Recall that in a bid to tackle poverty and hunger across the country, the Federal Government, in 2016, established the National Social Investment Programmes (NSIPs). The bulk of programmes under the scheme were aimed at ensuring a more equitable distribution of resources to vulnerable populations, including children, youth and women.

Furthermore, it was meant to support millions of these vulnerable people across the country through a fair and transparent process, supported by the Ministry of Budget and National Planning (MBNP), other notable MDAs with aligned goals, and lately, the Ministry of Humanitarian Affairs, Disaster Management and Social Development (MHADMSD).
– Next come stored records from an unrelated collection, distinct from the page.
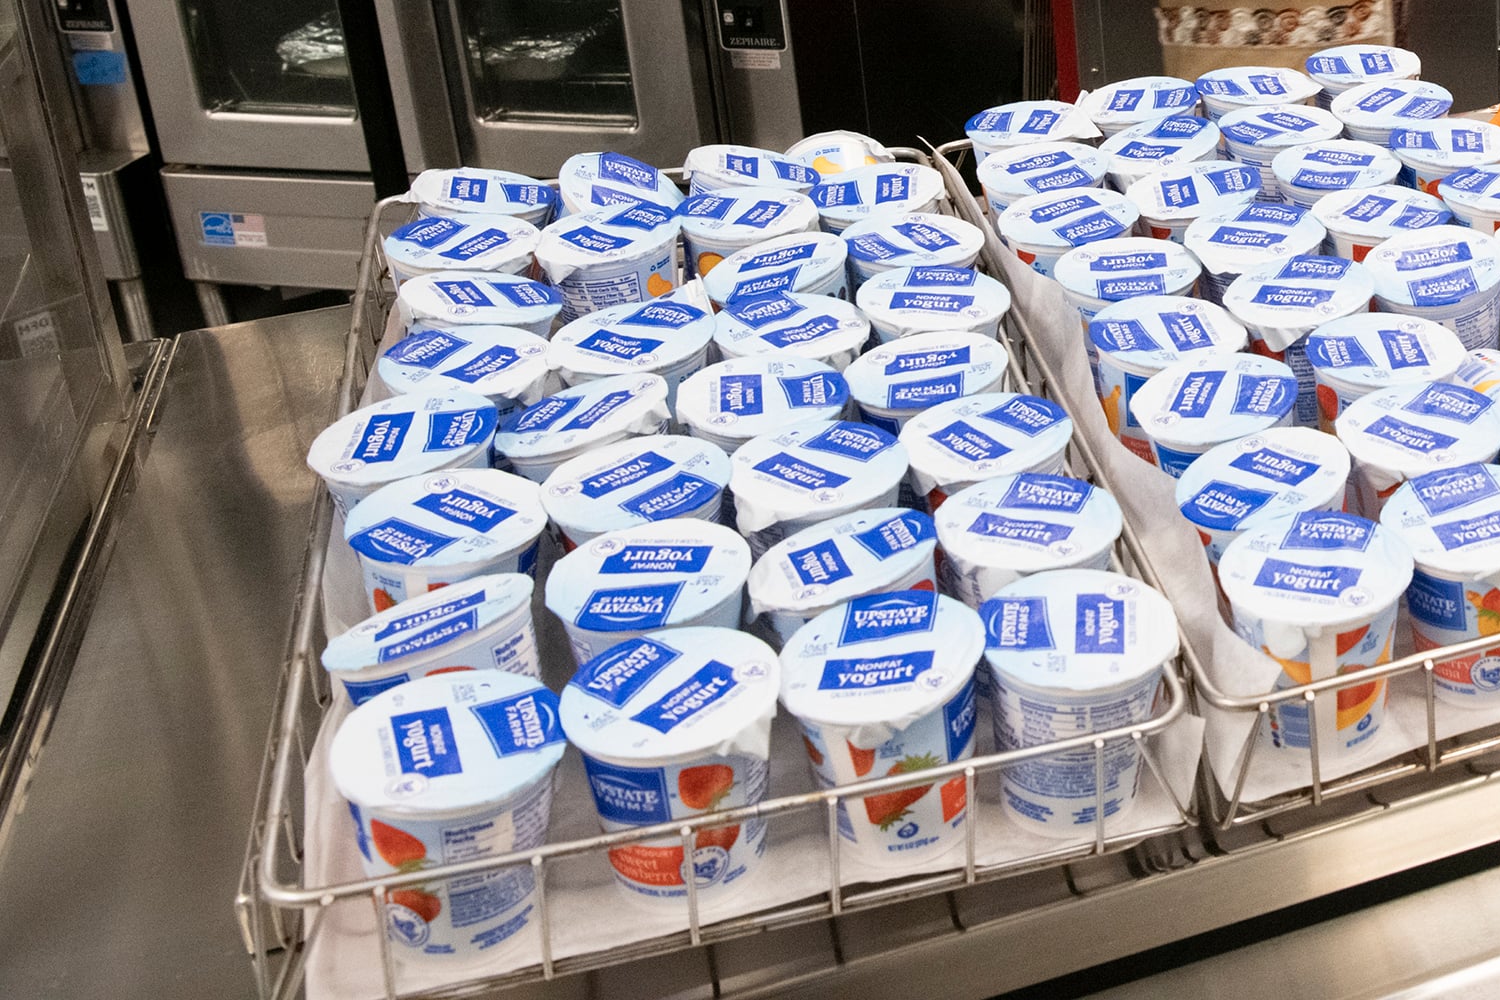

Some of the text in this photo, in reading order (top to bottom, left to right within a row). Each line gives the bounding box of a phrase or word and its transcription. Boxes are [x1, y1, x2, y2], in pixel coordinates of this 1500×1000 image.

[729, 37, 777, 47] ZEPHAIRE
[1128, 147, 1165, 158] yogurt
[605, 161, 655, 181] UPSTATE
[1035, 198, 1083, 218] yogurt
[461, 233, 504, 255] yogurt
[575, 231, 614, 250] yogurt
[1222, 233, 1271, 245] yogurt
[1102, 253, 1155, 267] yogurt
[1405, 244, 1459, 264] yogurt
[903, 298, 961, 312] yogurt
[1264, 292, 1318, 304] yogurt
[781, 321, 832, 344] yogurt
[592, 338, 641, 356] yogurt
[728, 382, 744, 412] yogurt
[1180, 375, 1201, 411] yogurt
[1426, 392, 1482, 414] UPSTATE
[1009, 399, 1055, 427] UPSTATE
[362, 420, 391, 458] yogurt
[451, 410, 476, 448] UPSTATE
[831, 428, 884, 450] UPSTATE
[1381, 426, 1436, 451] yogurt
[941, 432, 991, 461] yogurt
[590, 458, 651, 488] yogurt
[1252, 452, 1305, 473] yogurt
[772, 463, 826, 489] yogurt
[1017, 481, 1083, 504] UPSTATE
[441, 493, 500, 519] yogurt
[987, 522, 1053, 541] yogurt
[1299, 521, 1366, 538] UPSTATE
[368, 529, 428, 558] UPSTATE
[622, 549, 694, 562] yogurt
[801, 551, 831, 582] yogurt
[1272, 570, 1342, 591] yogurt
[589, 602, 664, 614] UPSTATE
[854, 606, 929, 626] UPSTATE
[1000, 602, 1020, 647] UPSTATE
[1098, 601, 1114, 645] yogurt
[588, 643, 658, 691] UPSTATE
[838, 664, 914, 687] yogurt
[660, 676, 728, 721] yogurt
[516, 696, 545, 748] UPSTATE
[401, 720, 434, 771] yogurt
The N-power component was designed to assist young Nigerians between the ages of 18 and 35 to acquire and develop life-long skills for becoming change makers in their communities and players in the domestic and global markets. They earn a monthly stipend of N30, 000.

On its part, the Conditional Cash Transfer (CCT) programme directly supports those within the lowest poverty bracket, by improving nutrition, increasing household consumption and supporting the development of human capital through cash benefits to various categories of the poor and vulnerable. The support is conditioned on fulfilling soft and hard co-responsibilities that enable recipients improve their standard of living.

Also in the bouquet is the Government Enterprise and Empowerment Programme (GEEP), a micro-lending intervention that targets traders, artisans, enterprising youth, farmers and women in particular, by providing loans between 10,000 and 100,000 at no monthly cost to beneficiaries.

In April 2019 just before the Modified Home Grown School Feeding Programme saga, the National Assembly finally launched a vitriol against some aspects of social investments programme.

Two weeks after the National Assembly criticism of the scheme, the First Lady, Aisha Buhari, had carpeted the NSIPs, describing it as a failure, especially in the Northern part of the country.
In launching a solo attack, which savaged the image of the initiative in May 2019, during an interactive programme for women at the State House, Abuja, Mrs. Buhari said even though the Senior Special Assistant to the President on Social Investment Programme (SIP), Mrs. Maryam Uwais, who manages the programme is from Kano State, the programme has failed in the state.

The first lady, who queried how N500billion budgeted for the programme was being spent, alleged that the conditional cash transfer arm of the programme was not reaching the target audience, adding that an aide of her husband deceived her that 30, 000 women in Adamawa State would benefit from N10, 000. That, she said, had remained a farce as the promise is yet to be fulfilled.